(Dataset entries)

◆ ◆ ◆

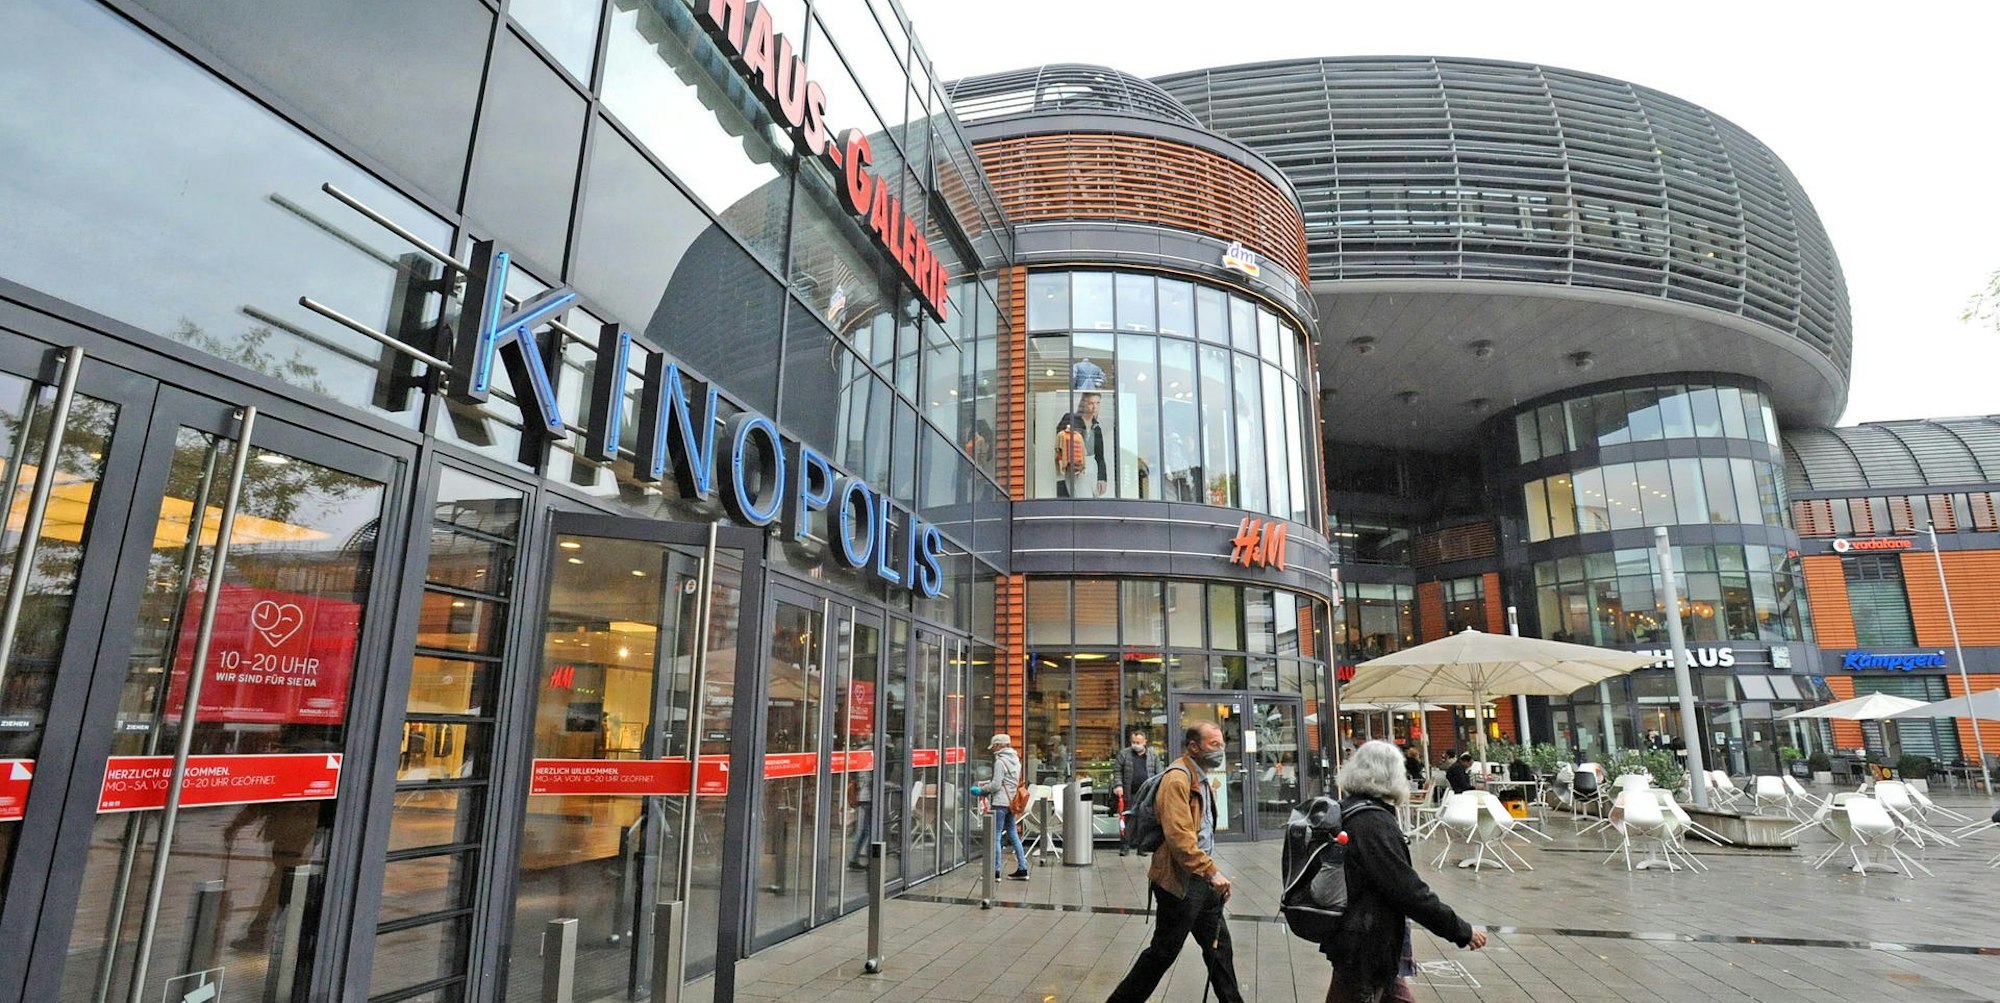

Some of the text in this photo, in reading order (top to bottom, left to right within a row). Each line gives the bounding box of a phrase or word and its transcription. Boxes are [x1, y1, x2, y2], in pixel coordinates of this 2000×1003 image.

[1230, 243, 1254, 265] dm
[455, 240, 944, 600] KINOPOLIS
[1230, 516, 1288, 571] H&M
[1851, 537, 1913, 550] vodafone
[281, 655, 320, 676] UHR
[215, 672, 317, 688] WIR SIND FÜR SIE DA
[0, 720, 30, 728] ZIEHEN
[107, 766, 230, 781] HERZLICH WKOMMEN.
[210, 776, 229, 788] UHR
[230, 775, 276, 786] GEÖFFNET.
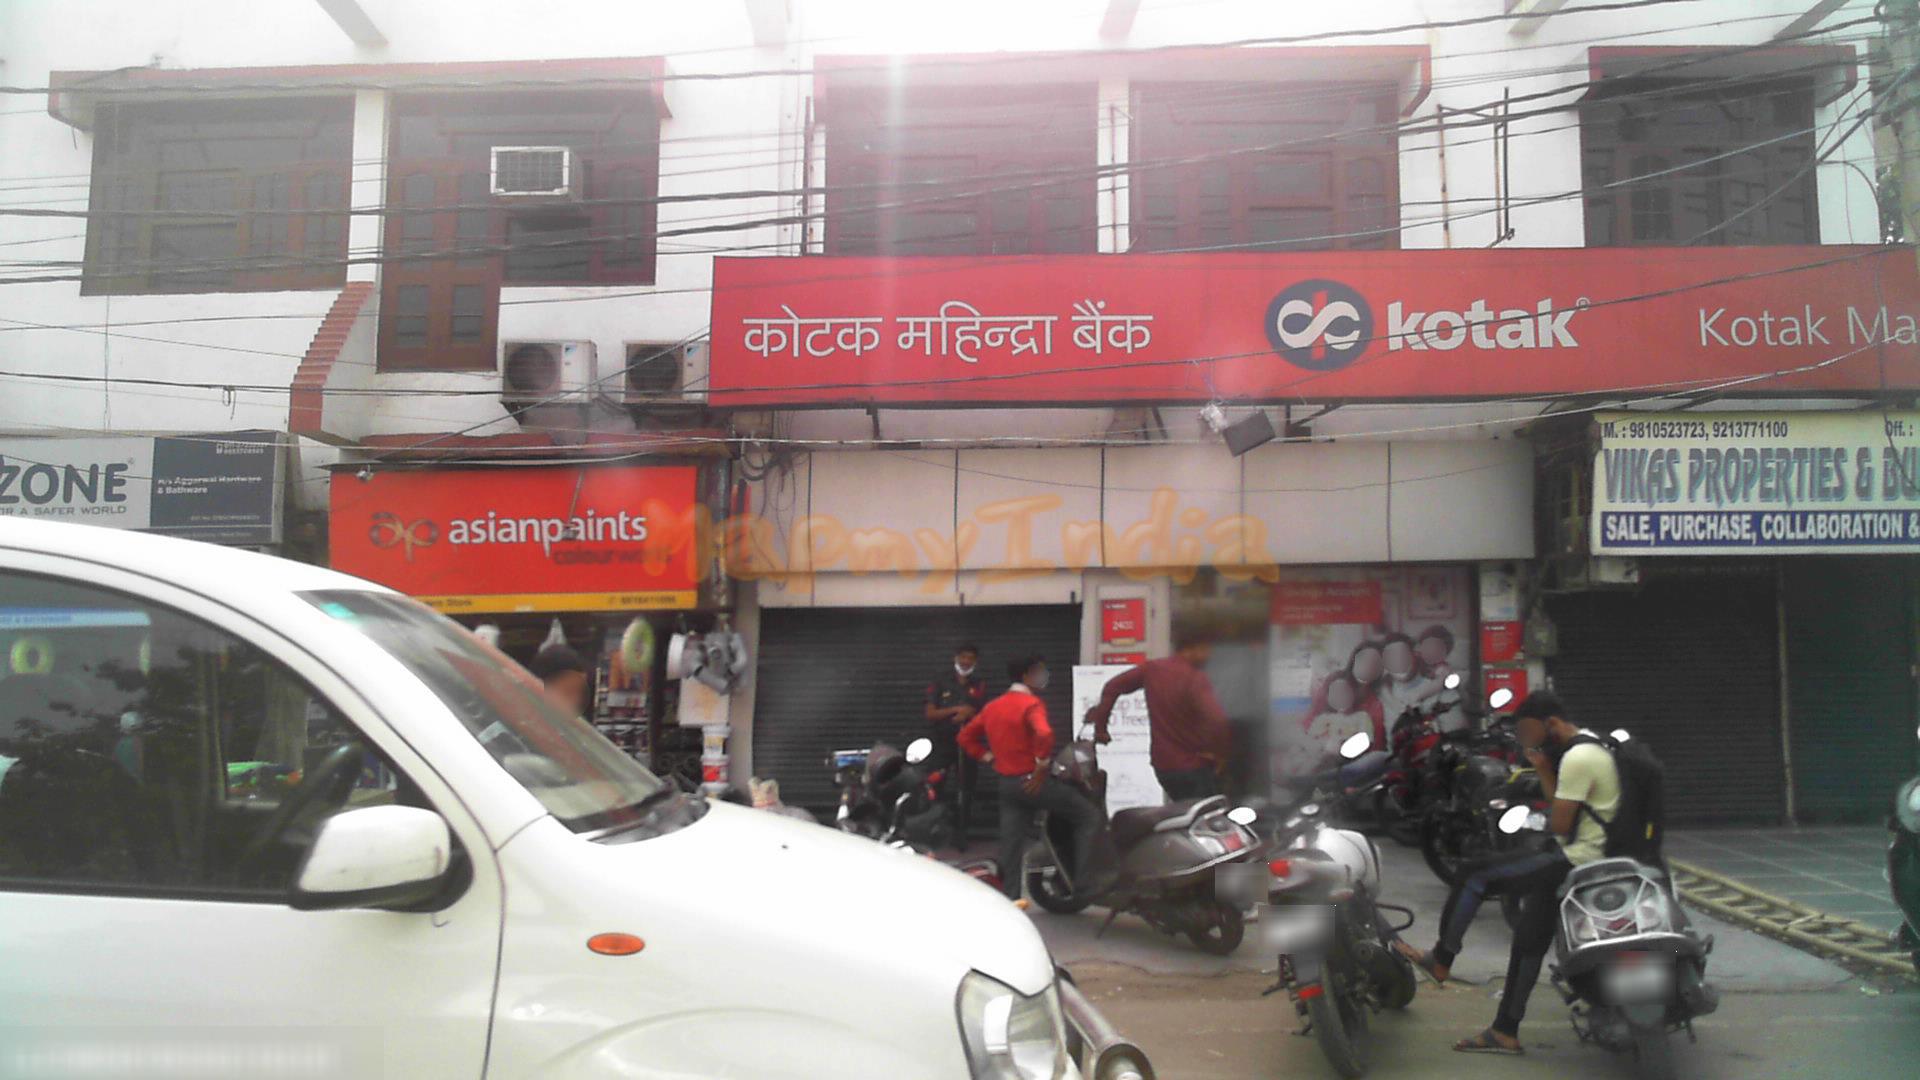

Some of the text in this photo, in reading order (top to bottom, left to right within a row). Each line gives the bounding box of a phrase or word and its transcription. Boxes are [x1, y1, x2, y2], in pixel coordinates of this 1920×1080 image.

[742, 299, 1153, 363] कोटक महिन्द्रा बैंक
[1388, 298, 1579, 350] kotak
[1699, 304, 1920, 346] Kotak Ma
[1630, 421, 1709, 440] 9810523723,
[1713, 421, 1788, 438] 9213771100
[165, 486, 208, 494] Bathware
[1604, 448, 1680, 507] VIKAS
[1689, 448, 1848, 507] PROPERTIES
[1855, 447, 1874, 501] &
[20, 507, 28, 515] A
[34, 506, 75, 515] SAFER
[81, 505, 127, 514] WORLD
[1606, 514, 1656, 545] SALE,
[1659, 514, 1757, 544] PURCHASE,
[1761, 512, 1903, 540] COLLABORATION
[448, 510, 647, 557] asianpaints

◆ ◆ ◆

Your objective:
Should a record include a picture, drop the picture and write out the remainder exactly.

Written reply:
Some of the text in this photo, in reading order (top to bottom, left to right within a row). Each line gives the bounding box of a phrase or word and its transcription. Boxes are [x1, y1, x2, y2], in pixel coordinates of this 2000×1003 image.

[1230, 243, 1254, 265] dm
[455, 240, 944, 600] KINOPOLIS
[1230, 516, 1288, 571] H&M
[1851, 537, 1913, 550] vodafone
[281, 655, 320, 676] UHR
[215, 672, 317, 688] WIR SIND FÜR SIE DA
[0, 720, 30, 728] ZIEHEN
[107, 766, 230, 781] HERZLICH WKOMMEN.
[210, 776, 229, 788] UHR
[230, 775, 276, 786] GEÖFFNET.

Some of the text in this photo, in reading order (top to bottom, left to right within a row). Each line gives the bounding box of a phrase or word and its transcription. Boxes are [x1, y1, x2, y2], in pixel coordinates of this 1920×1080 image.

[742, 299, 1153, 363] कोटक महिन्द्रा बैंक
[1388, 298, 1579, 350] kotak
[1699, 304, 1920, 346] Kotak Ma
[1630, 421, 1709, 440] 9810523723,
[1713, 421, 1788, 438] 9213771100
[165, 486, 208, 494] Bathware
[1604, 448, 1680, 507] VIKAS
[1689, 448, 1848, 507] PROPERTIES
[1855, 447, 1874, 501] &
[20, 507, 28, 515] A
[34, 506, 75, 515] SAFER
[81, 505, 127, 514] WORLD
[1606, 514, 1656, 545] SALE,
[1659, 514, 1757, 544] PURCHASE,
[1761, 512, 1903, 540] COLLABORATION
[448, 510, 647, 557] asianpaints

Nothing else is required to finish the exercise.